Sang pemilik akun pun mempertanyakan manfaatnya membedakan warna seragam untuk kelas 7, 8, dan 9.

Baca juga:  Stefano Cugurra Ungkap Rencana Karirnya Usai Tak Lagi Melatih Bali United

Dikonfirmasi terkait keluhan ini, Kepala SMPN 10 Denpasar Wayan Sumiara, Sabtu (26/7), mengatakan pembelian pakaian adat untuk siswa kelas 8 dan 9 tidak wajib. Penggunaan pakaian adat tiap Kamis akan menggunakan baju dengan identitas sekolah yang dimiliki siswa (warna tidak diatur).

Penyampaian informasi pembelian baju dan seragam sudah dilakukan sebelumnya secara lisan kepada siswa saat pembiasaan pagi di sekolah. Diharapkan pemberitahuan itu diteruskan kepada orangtua atau wali masing-masing

Ia menilai kondisi yang terjadi saat ini karena miskomunikasi antara pihak konveksi, sekolah dan siswa dalam penyampaian informasi pembelian pakaian adat ini.

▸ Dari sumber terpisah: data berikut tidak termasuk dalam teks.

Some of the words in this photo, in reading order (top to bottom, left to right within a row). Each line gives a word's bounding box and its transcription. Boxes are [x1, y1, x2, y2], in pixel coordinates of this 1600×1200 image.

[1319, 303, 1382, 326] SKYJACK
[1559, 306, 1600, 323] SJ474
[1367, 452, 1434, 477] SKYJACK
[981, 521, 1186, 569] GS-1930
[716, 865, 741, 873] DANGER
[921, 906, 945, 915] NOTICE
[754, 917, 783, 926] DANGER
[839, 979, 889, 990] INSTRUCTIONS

Ia pun berjanji akan dijadikan bahan untuk perbaikan ke depannya.

Sementara itu, Kepala Ombudsman RI Perwakilan Provinsi Bali Ni Nyoman Sri Widhiyanti mengatakan, telah menerima pengaduan tersebut dan akan menindaklanjutinya pada Senin (28/7). “Nanti kalau sudah ada hasil, baru bisa disampaikan,” ujarnya.

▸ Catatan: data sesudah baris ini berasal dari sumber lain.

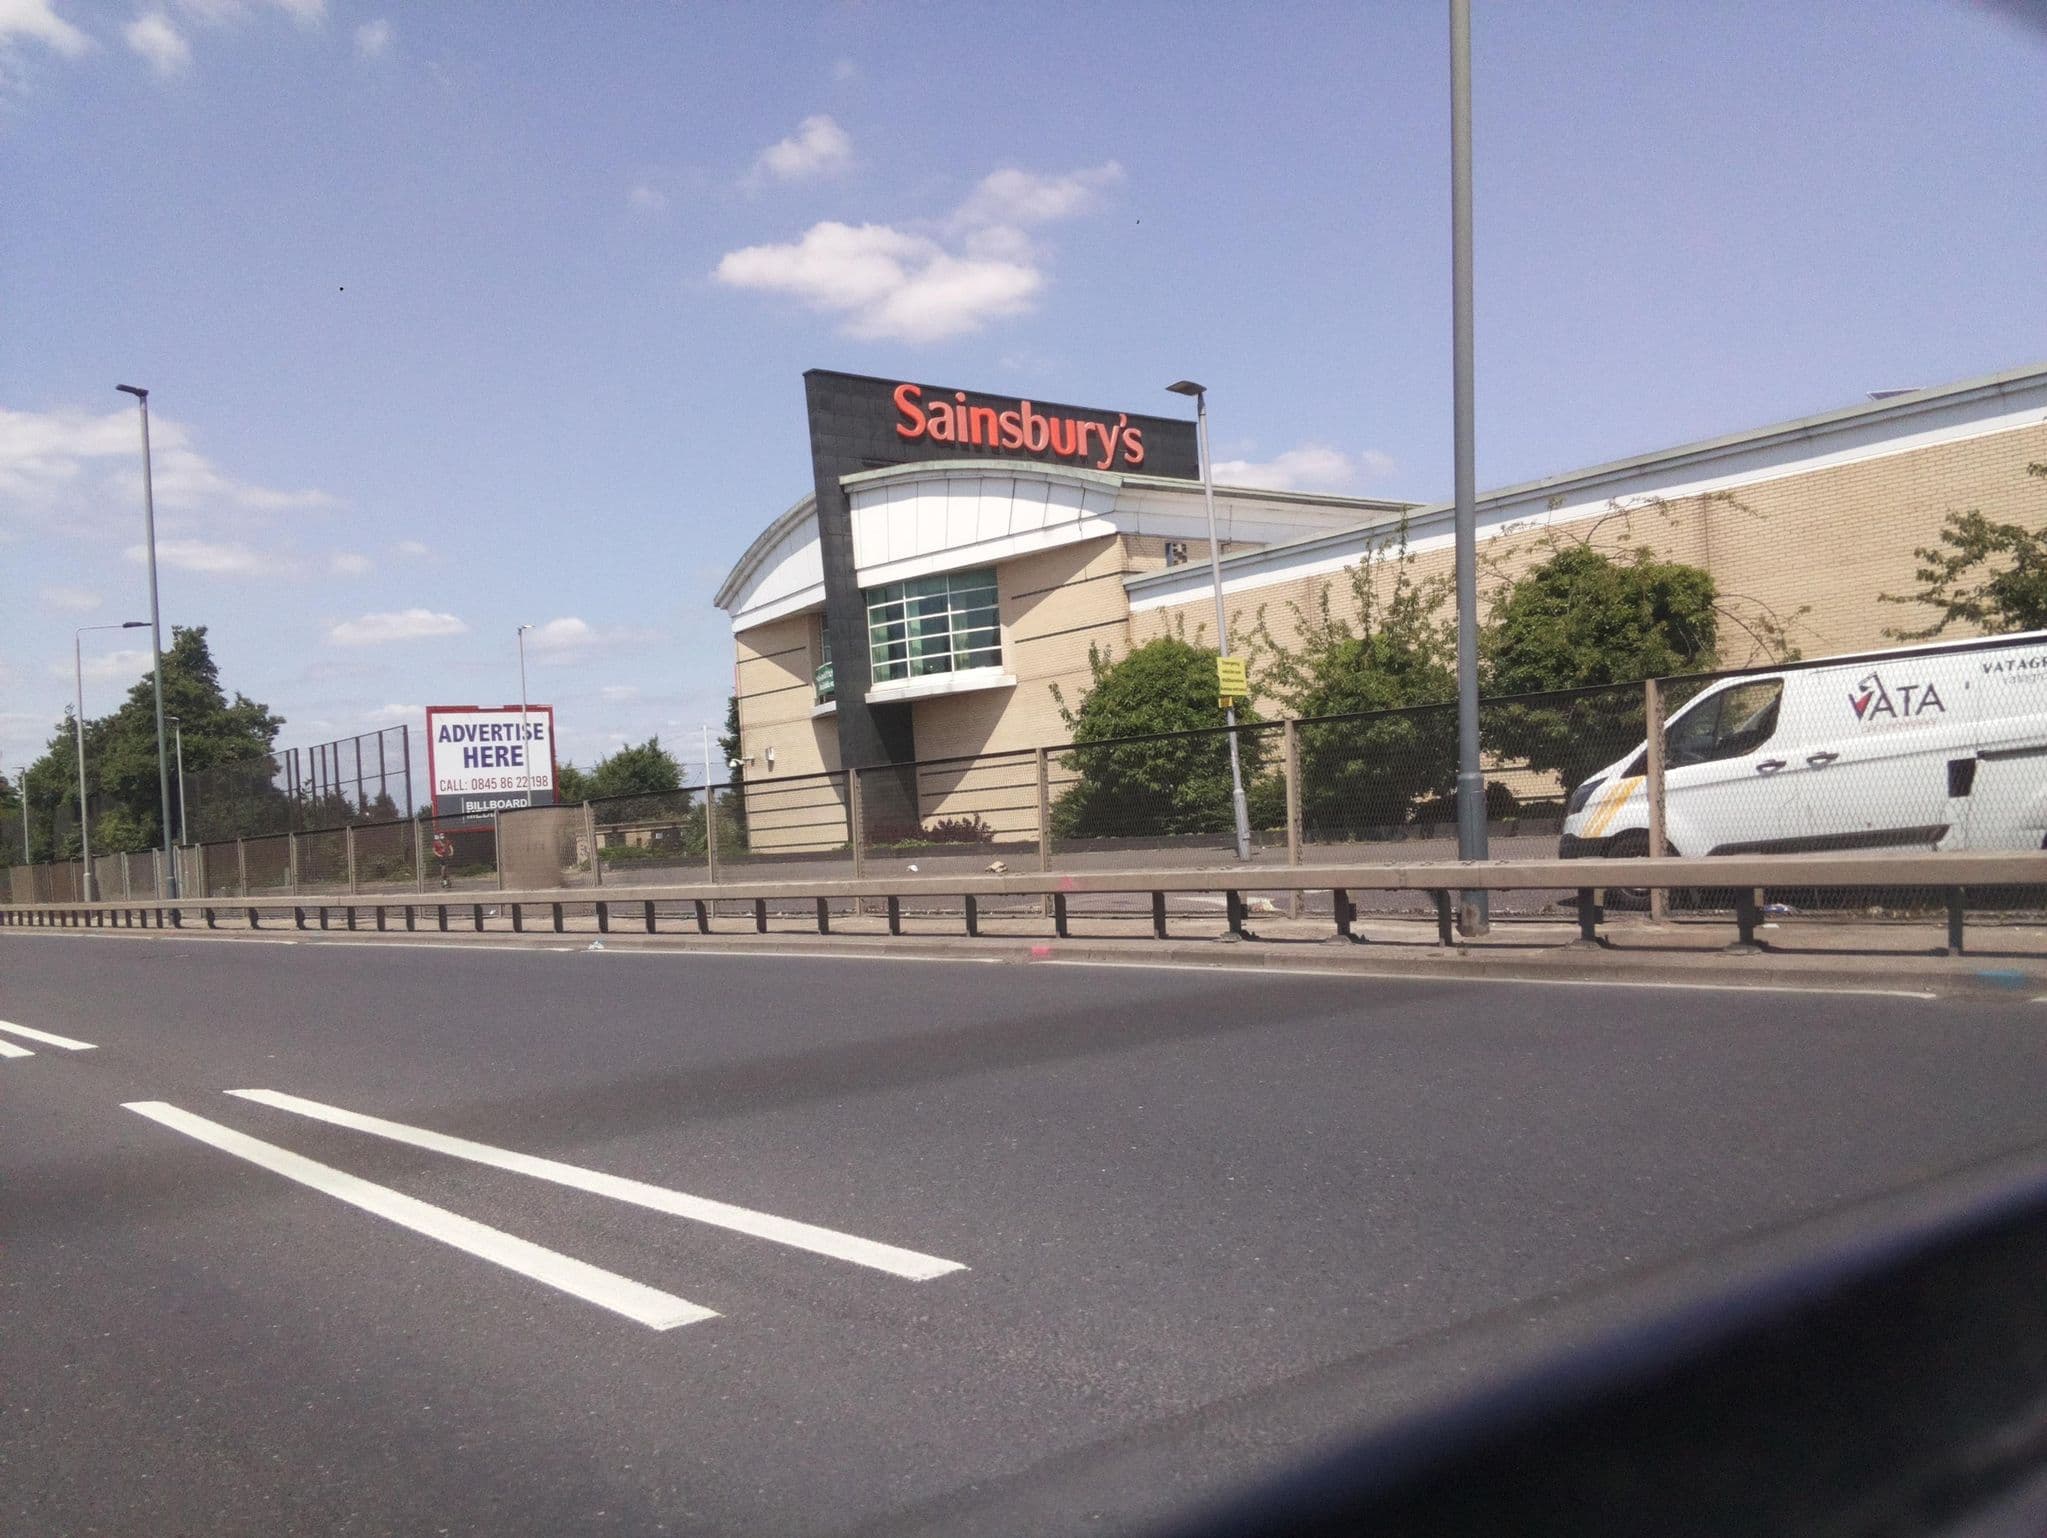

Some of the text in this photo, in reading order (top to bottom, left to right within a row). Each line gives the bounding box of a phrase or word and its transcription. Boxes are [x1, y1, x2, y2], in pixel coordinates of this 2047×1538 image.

[893, 384, 1145, 470] Sainsbury's
[1848, 672, 1946, 720] VATA
[438, 723, 545, 743] ADVERTISE
[463, 745, 524, 768] HERE
[440, 779, 468, 792] CALL:
[471, 778, 497, 791] 0845
[500, 777, 513, 789] 86
[465, 799, 528, 811] BILLBOARD

Baca juga:  Jaga Kesehatan dan Lingkungan, Pusat Siapkan Aturan dan Anggaran Tangani Sampah di Bali

Ia menegaskan, pungutan seragam atau bahan seragam dalam tahapan penerimaan siswa didik baru diatur di dalam Pasal 27 ayat 1 yang menyatakan bahwa sekolah yang diselenggarakan oleh pemerintah daerah dilarang melakukan pungutan untuk membeli seragam atau buku tertentu yang dikaitkan dengan penerimaan murid baru.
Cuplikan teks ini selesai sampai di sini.